Re: GMW: Engineering acceptance of GM – Oz, U.S. and Canada
Comment from Louis Sales: Yep – what a complete joke! Before being asked how willing they were to eat GE food, survey participants were asked the following questions:
Q4. Now I’m going to ask you about different objectives of genetically modifying plants to produce food. I’d like you to tell me how valuable you feel these objectives are to individuals or society. Please tell me whether you think these objectives are very valuable, somewhat valuable, not very valuable or not at all valuable. So what about genetically modifying plants”¦
(i) to make the food healthier
(ii) to make the food last longer
(iii) to make the plants herbicide tolerant
(iv) to make the plants pest resistant
(v) to make the plants frost resistant
(vi) to make the plants mature more quickly
(vii) to make plants drought resistant
(viii) to make the food cheaper
Q6. Thinking about the environmental problems that society currently faces, would you be in favour of”¦
1) Using only natural or traditional methods of agriculture and environmental management OR
2) Pursuing only technologies made available through advances in gene technology OR
3) Pursuing all avenues available
Unbelievable! – well actually all too believable unfortunately...
Engineering acceptance of GM – Oz, U.S. and Canada (22/7/2007)
1.Oz: Government Push Polls on GM crops and foods
2.USA: Engineering acceptance of GM foods
3.Canada: Controversy over claims in favour of GM corn
NOTE: Here's the latest bit of dishonesty from the pro-GM putsch underway in Australia (item 1). Similar efforts to skew attitudinal research studies have taken place elsewhere, for instance in the case of the widely reported annual consumer surveys of the International Food Information Council (item 2). And then, of course, there's the infamous "Would you eat wormy sweet corn" research (item 3).

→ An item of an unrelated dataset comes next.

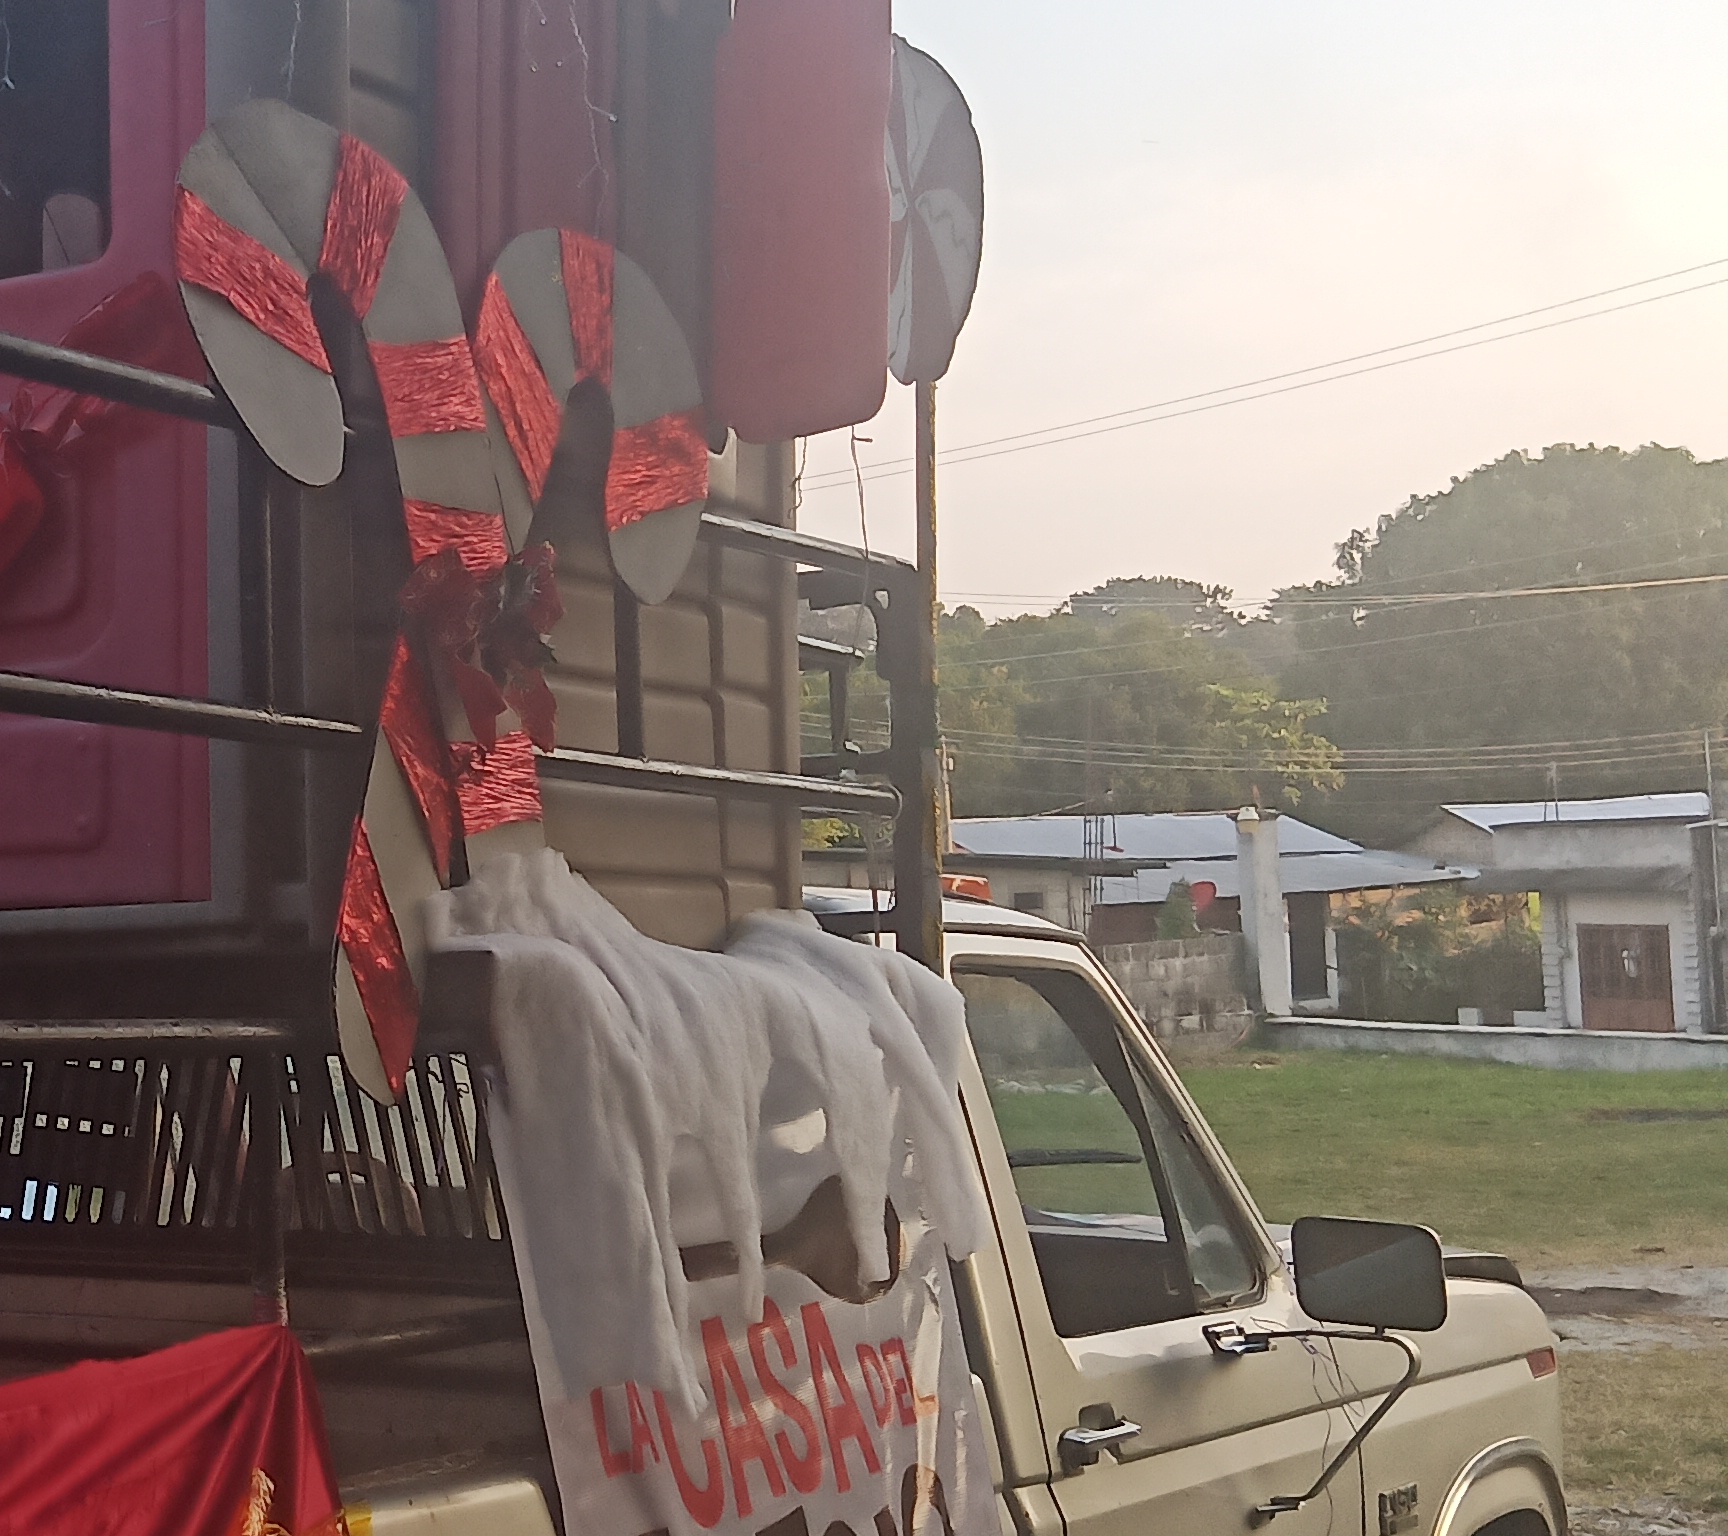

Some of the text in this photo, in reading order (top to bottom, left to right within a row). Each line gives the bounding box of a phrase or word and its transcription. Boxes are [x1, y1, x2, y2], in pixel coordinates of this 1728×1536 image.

EXTRACTS: "It was unethical to falsely imply in the questionnaire that GM has solutions to key environmental problems when they do not exist now and are ten years from commercial reality, if ever." (item 1)
The results might be different, Suman offers, if [the survey] contained questions biased in the other direction such as: "Some people contend that some foods produced from biotechnology cause higher rates of cancer. If that is so, what effect would that have on your buying decision?" (item 2)
Government Push Polls on GM crops and foods
Gene Ethics Media Release, July 23 2007
"The Australian government push-polled Australians on genetically manipulated (GM) crops and foods to dishonestly inflate support for GM in its latest survey," says Gene Ethics Director, Bob Phelps.
"It was unethical to falsely imply in the questionnaire that GM has solutions to key environmental problems when they do not exist now and are ten years from commercial reality, if ever," he says.
"Most citizens support genuine solutions to air and water pollution, climate change and salinity on farms, but GM food crops are not the answer to these problems and probably never will be," he says.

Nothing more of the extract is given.